### RECORDS TO USE
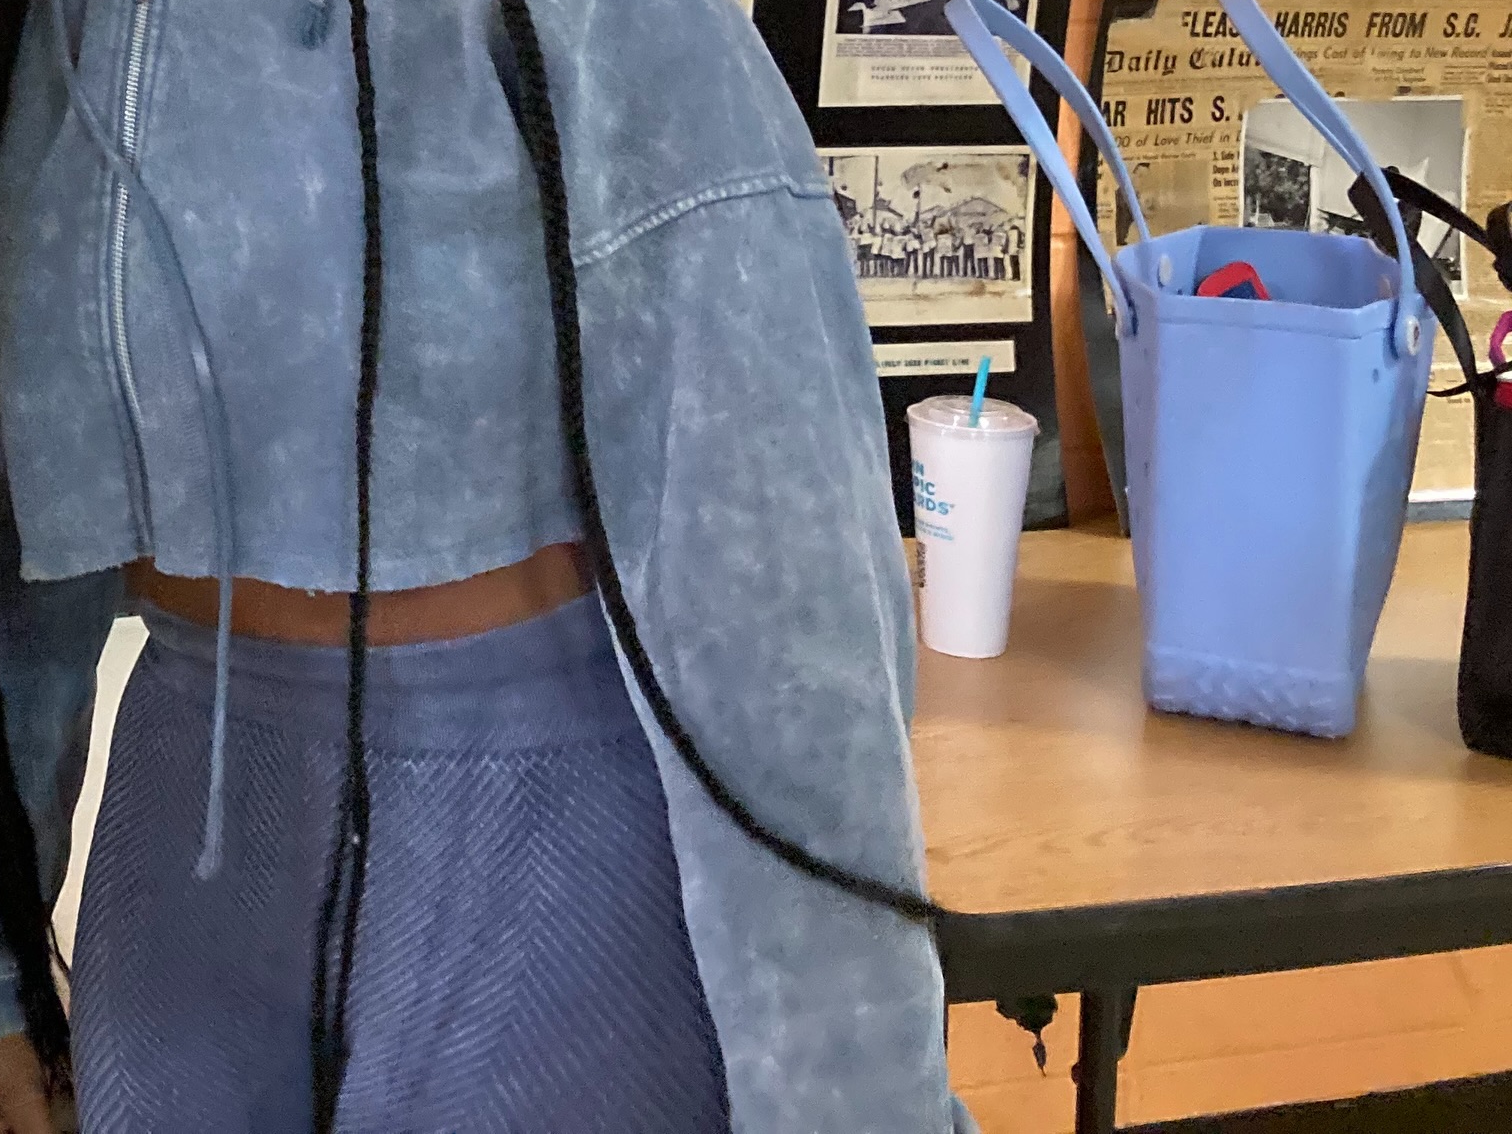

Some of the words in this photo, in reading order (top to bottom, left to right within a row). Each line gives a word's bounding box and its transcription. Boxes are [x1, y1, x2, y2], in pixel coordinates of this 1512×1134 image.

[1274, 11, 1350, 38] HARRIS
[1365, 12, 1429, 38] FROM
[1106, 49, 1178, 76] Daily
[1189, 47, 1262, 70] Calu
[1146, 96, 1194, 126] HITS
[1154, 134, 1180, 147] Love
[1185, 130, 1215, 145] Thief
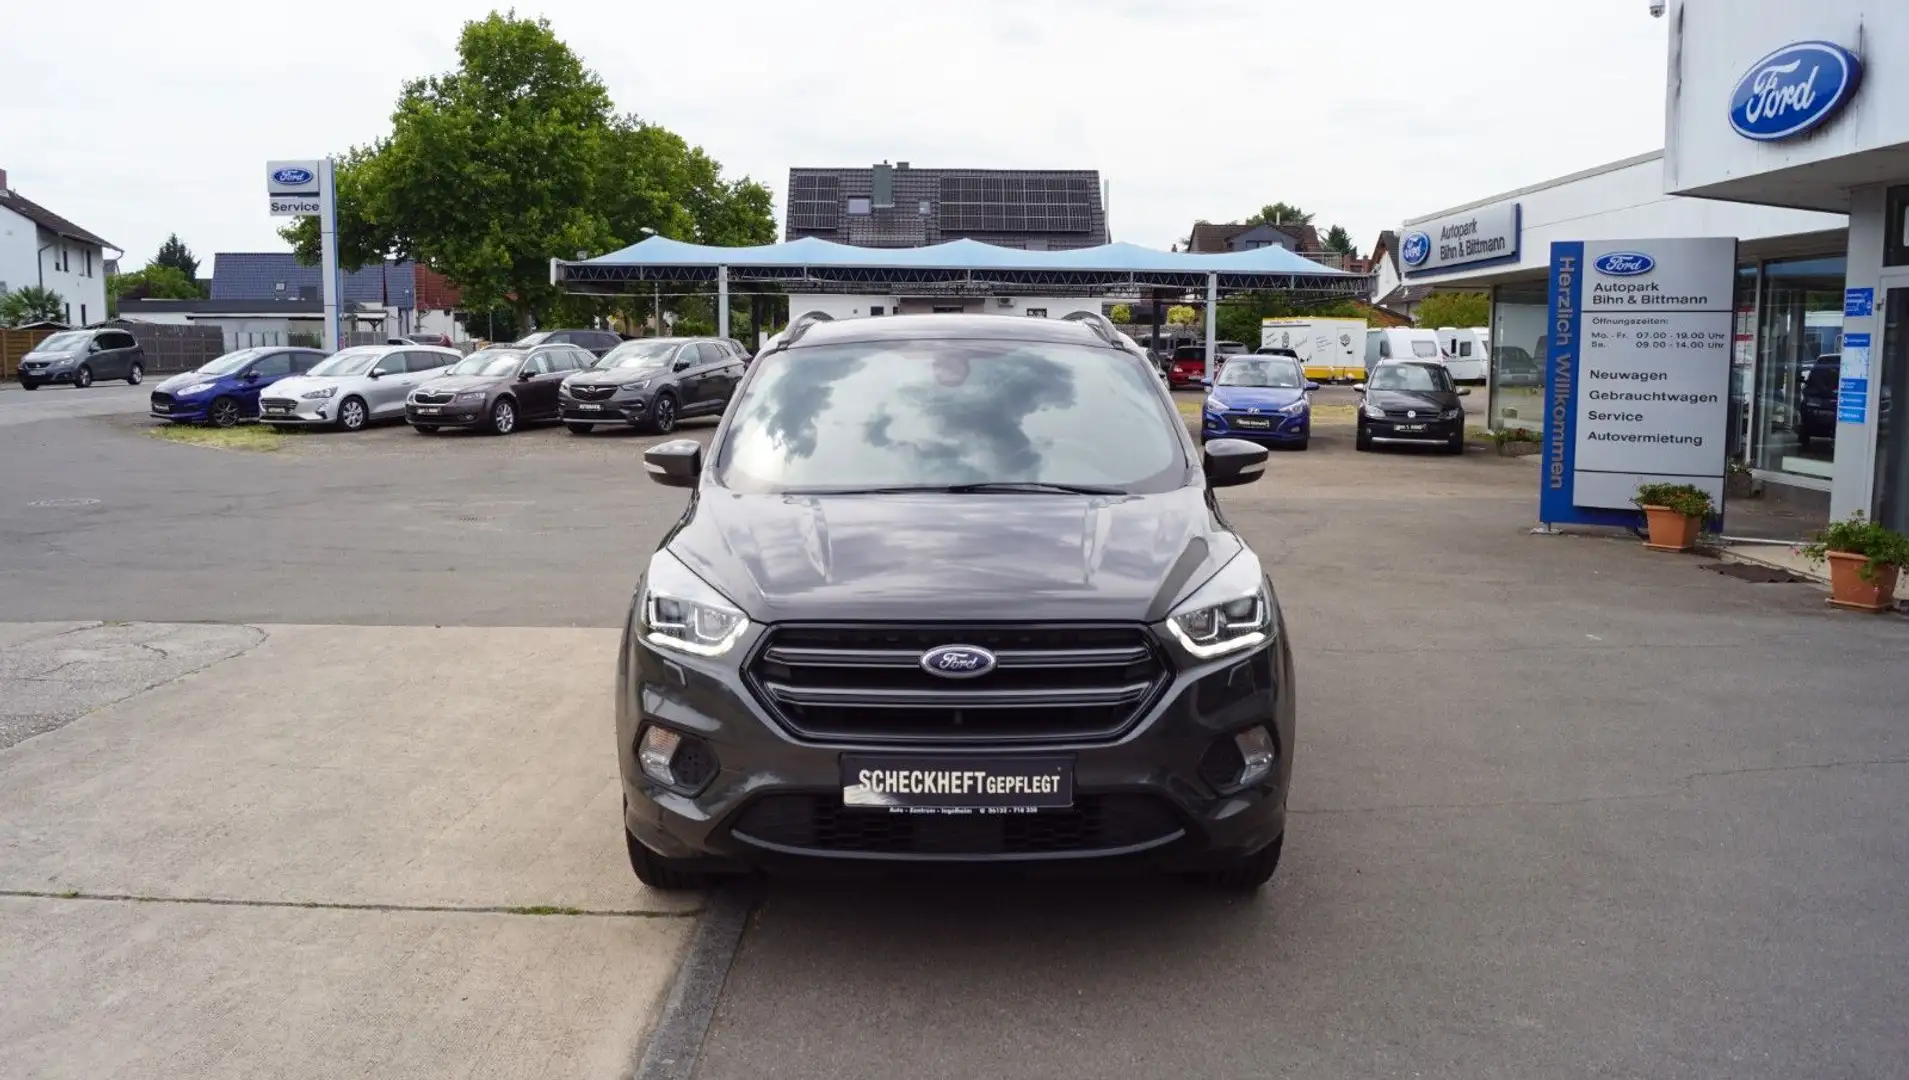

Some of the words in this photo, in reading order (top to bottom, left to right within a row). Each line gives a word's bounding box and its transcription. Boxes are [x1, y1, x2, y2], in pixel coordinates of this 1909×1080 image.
---
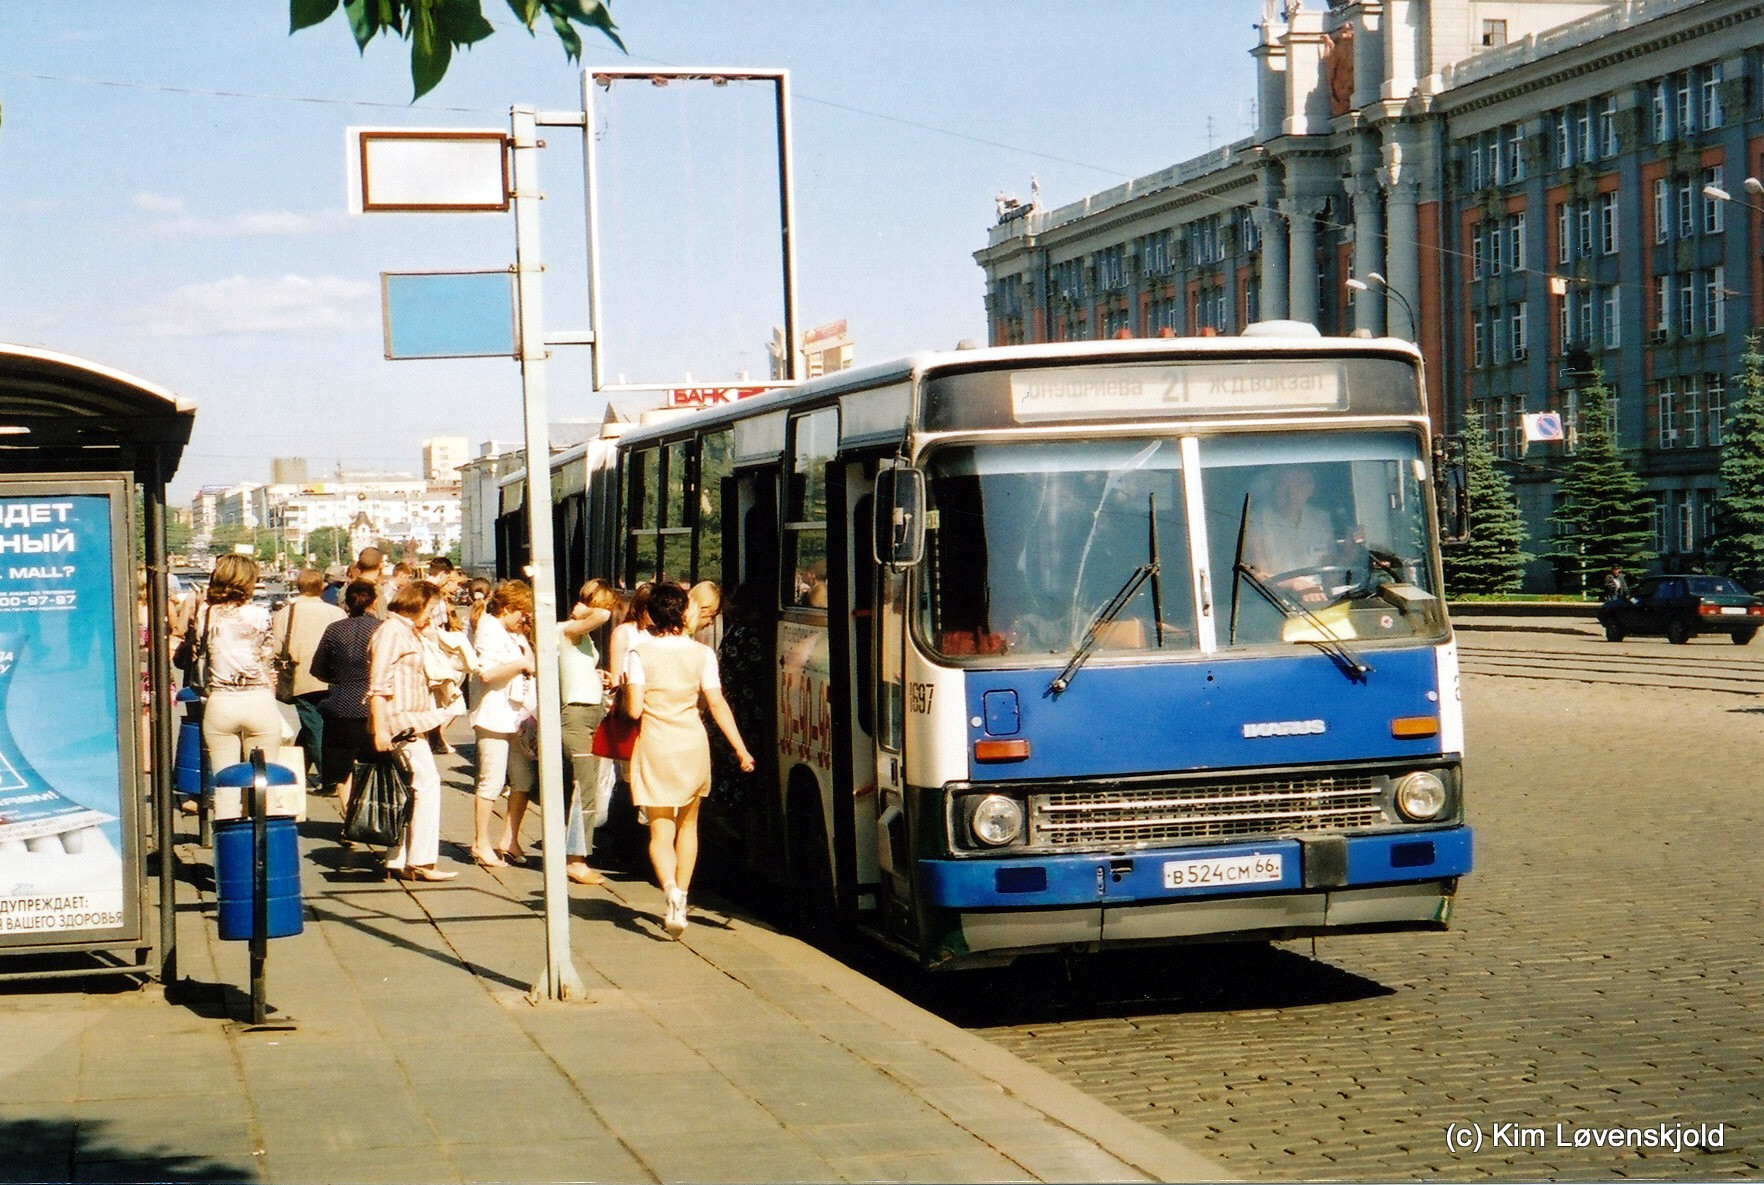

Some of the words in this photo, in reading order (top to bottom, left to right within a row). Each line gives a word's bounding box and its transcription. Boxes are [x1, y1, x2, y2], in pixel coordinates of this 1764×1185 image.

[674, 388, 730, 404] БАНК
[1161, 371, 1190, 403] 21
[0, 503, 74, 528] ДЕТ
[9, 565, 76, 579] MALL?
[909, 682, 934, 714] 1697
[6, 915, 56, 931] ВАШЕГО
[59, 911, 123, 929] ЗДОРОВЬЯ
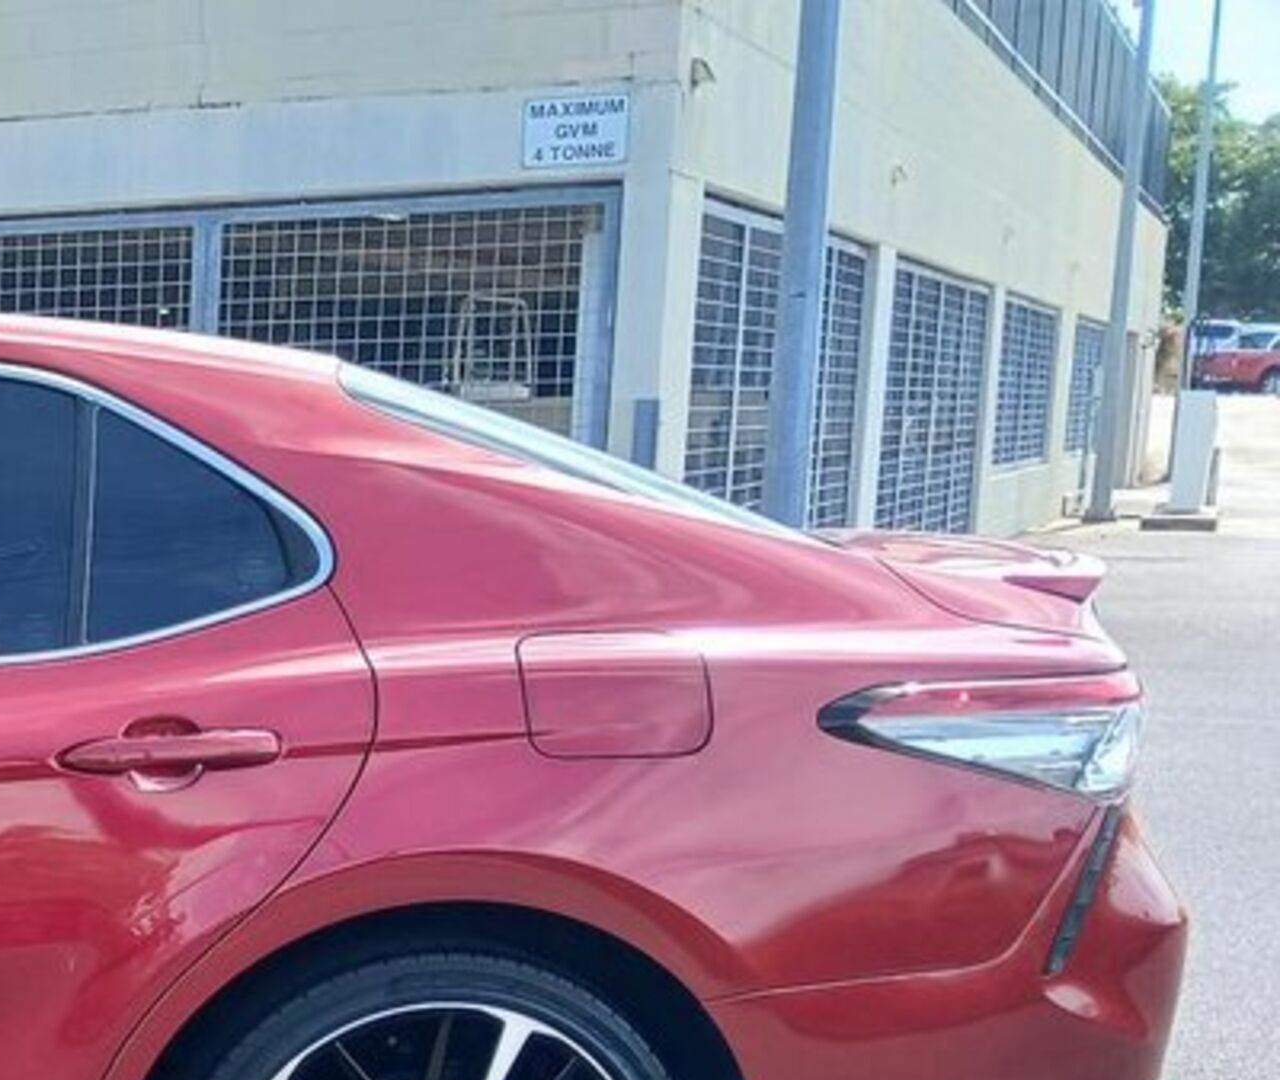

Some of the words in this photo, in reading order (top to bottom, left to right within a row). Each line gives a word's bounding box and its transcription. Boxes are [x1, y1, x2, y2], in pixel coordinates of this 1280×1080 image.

### YOUR OBJECTIVE
In the listing above, find the line with "this 1512×1134 image." and the line with "this 1909×1080 image.". Set down exactly those lines and everything between them, skipping pictures.

### WRITTEN ANSWER
Some of the words in this photo, in reading order (top to bottom, left to right within a row). Each line gives a word's bounding box and its transcription. Boxes are [x1, y1, x2, y2], in pixel coordinates of this 1512×1134 image.

[1274, 11, 1350, 38] HARRIS
[1365, 12, 1429, 38] FROM
[1106, 49, 1178, 76] Daily
[1189, 47, 1262, 70] Calu
[1146, 96, 1194, 126] HITS
[1154, 134, 1180, 147] Love
[1185, 130, 1215, 145] Thief

Some of the words in this photo, in reading order (top to bottom, left to right within a row). Each line gives a word's bounding box and its transcription. Boxes are [x1, y1, x2, y2], in pixel coordinates of this 1909×1080 image.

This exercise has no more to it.